Look for comfort foods that are consistent with a healthy diet. Dr. Andrew Weil's anti-inflammatory food pyramid is a good place to start, in terms of finding foods that will promote, rather than detract, from our overall health. Small changes can lead you to feel much better, such as swapping a baked sweet potato for fries, or guacamole for cheese dip. Having a baked apple with cinnamon, or a pumpkin custard, make great fall desserts. If this is a particular area of struggle for you, you may want to consult with a local dietitian to help you adapt your favorite comfort foods to healthier versions. No matter what diet you're choosing, mindful eating strategies are also important. Mindful strategies include: eat only when you're hungry, eat slowly, enjoy each bite and stop when you are no longer hungry.

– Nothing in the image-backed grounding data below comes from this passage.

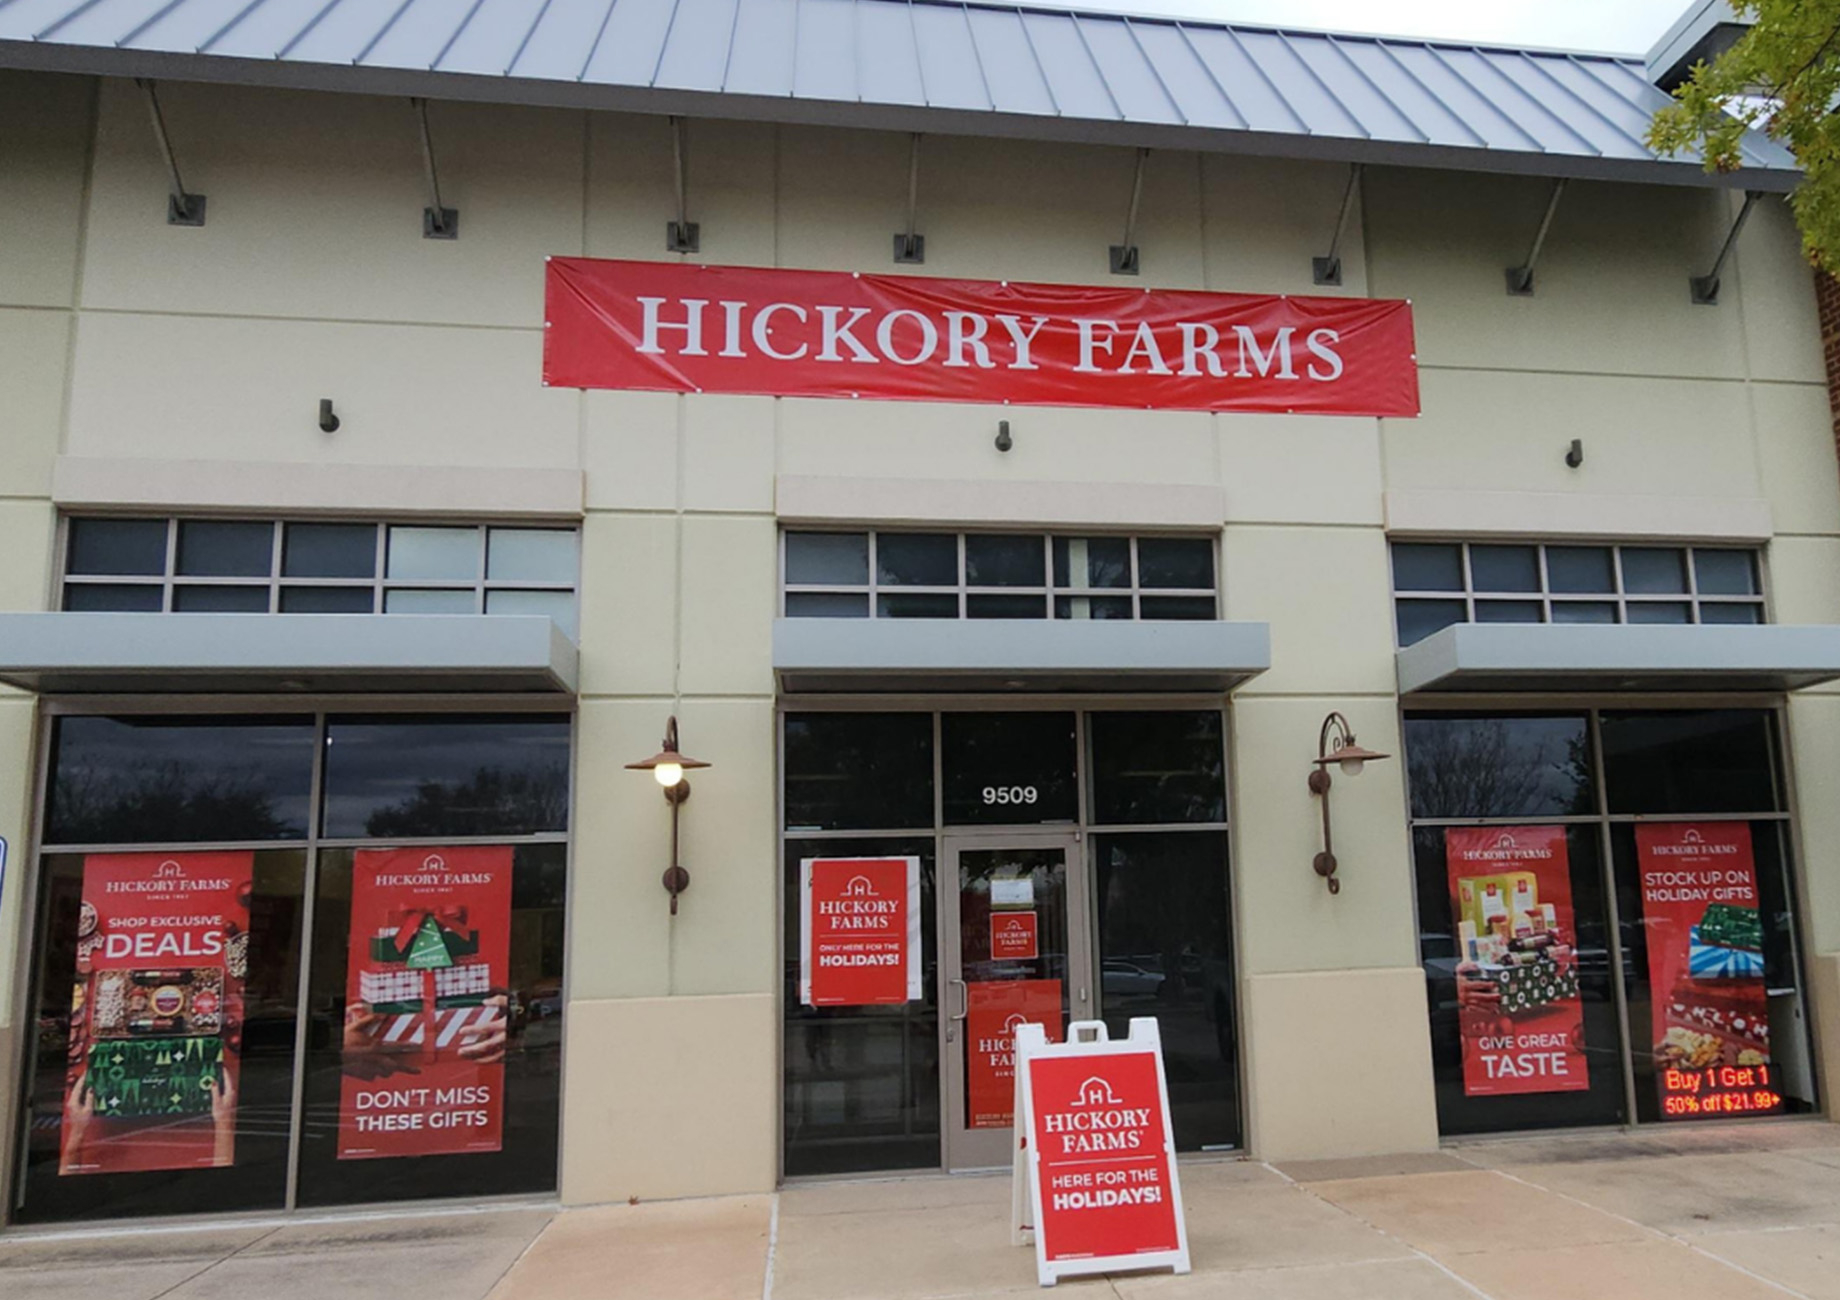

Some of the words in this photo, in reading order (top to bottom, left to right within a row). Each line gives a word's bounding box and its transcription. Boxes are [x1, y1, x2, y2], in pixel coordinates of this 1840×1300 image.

[635, 296, 1049, 370] HICKORY
[1072, 318, 1344, 381] FARMS
[982, 786, 1038, 805] 9509
[1463, 849, 1512, 860] HICKORY
[1652, 845, 1699, 855] HICKORY
[106, 880, 177, 893] HICKORY
[179, 878, 231, 891] FARMS
[375, 874, 440, 886] HICKORY
[443, 873, 492, 885] FARMS
[1645, 872, 1697, 886] STOCK
[1700, 871, 1722, 885] UP
[1725, 870, 1750, 884] ON
[1646, 888, 1710, 902] HOLIDAY
[1713, 886, 1753, 900] GIFTS
[820, 900, 898, 914] HICKORY
[108, 917, 147, 928] SHOP
[151, 915, 222, 927] EXCLUSIVE
[831, 915, 889, 929] FARMS
[105, 930, 222, 958] DEALS
[819, 944, 841, 952] ONLY
[866, 943, 882, 951] FOR
[820, 954, 899, 966] HOLIDAYS!
[1478, 1036, 1514, 1050] GIVE
[1517, 1033, 1567, 1048] GREAT
[1480, 1052, 1568, 1078] TASTE
[1666, 1069, 1701, 1093] Buy
[1706, 1068, 1716, 1087] 1
[1721, 1067, 1755, 1086] Get
[1758, 1065, 1768, 1085] 1
[356, 1088, 430, 1110] DON'T
[436, 1086, 490, 1106] MISS
[1665, 1096, 1700, 1114] 50%
[1702, 1094, 1721, 1111] off
[355, 1113, 424, 1132] THESE
[429, 1110, 488, 1129] GIFTS
[1044, 1108, 1151, 1133] HICKORY
[1062, 1131, 1140, 1153] FARMS
[1052, 1173, 1093, 1188] HERE
[1096, 1171, 1126, 1185] FOR
[1128, 1168, 1158, 1182] THE
[1053, 1186, 1162, 1211] HOLIDAYS!
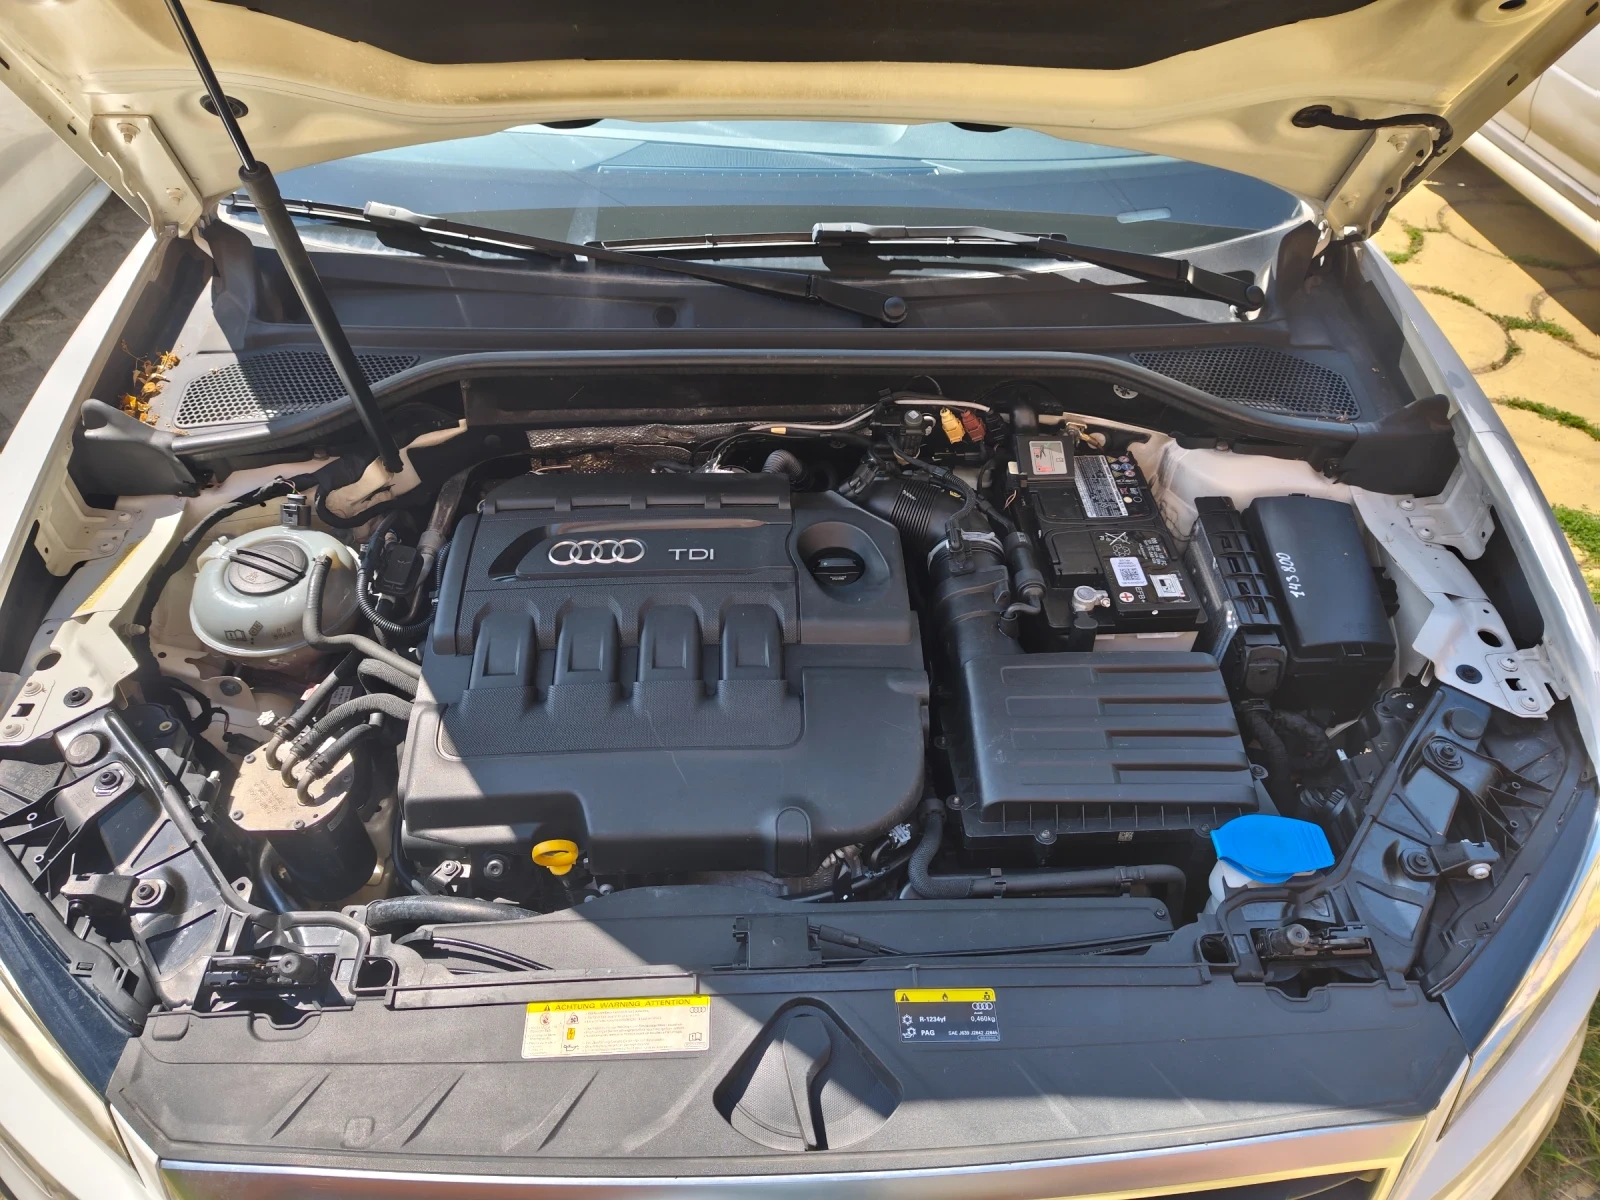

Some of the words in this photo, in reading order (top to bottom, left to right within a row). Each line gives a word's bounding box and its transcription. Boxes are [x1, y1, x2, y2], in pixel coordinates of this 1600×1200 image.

You're drinking more than usual.
When the days get shorter, we reach for things that will boost our sense of pleasure. If you're reaching for alcohol, it's important to check in to see if your drinking is reaching a problematic level. The CDC considers moderate drinking up to 1 drink a day for women and up to 2 drinks a day for men. It's important to note that many mixed drinks contain much more than one drink's worth of alcohol. You might be surprised to learn how little alcohol the average American drinks, with 60% of Americans drinking one drink or less per week.
What's the harm in drinking? Heavy drinking makes depression worse over time. Those who drink often find their anxiety has worsened by the next morning, leading to an increased urge to drink again the next day. Drinking can drive a wedge between you and your partner, or between you and your children. Over time, drinking can lead to serious health, legal and financial consequences.
Changing alcohol habits can be easy for some and nearly impossible for others. If you feel you may need help, find a local AA chapter, or look into the Smart Recovery program for a secular alternative to AA. If you have a loved one who drinks, consider going to Al-Anon, a support group for friends and relatives of alcoholics.
Serious symptoms, like loss of appetite, suicidal thoughts, severe insomnia or panic attacks.
For some, seasonal depression reaches a moderate to severe level. If you're noticing that you're having trouble eating, you're having persistent difficulty sleeping, your having panic attacks or thoughts of self-harm, it's time to seek professional help. Find a therapist who can help you address the behavioral aspects of this condition and consider scheduling with a medical doctor to get a physical exam and medication consultation.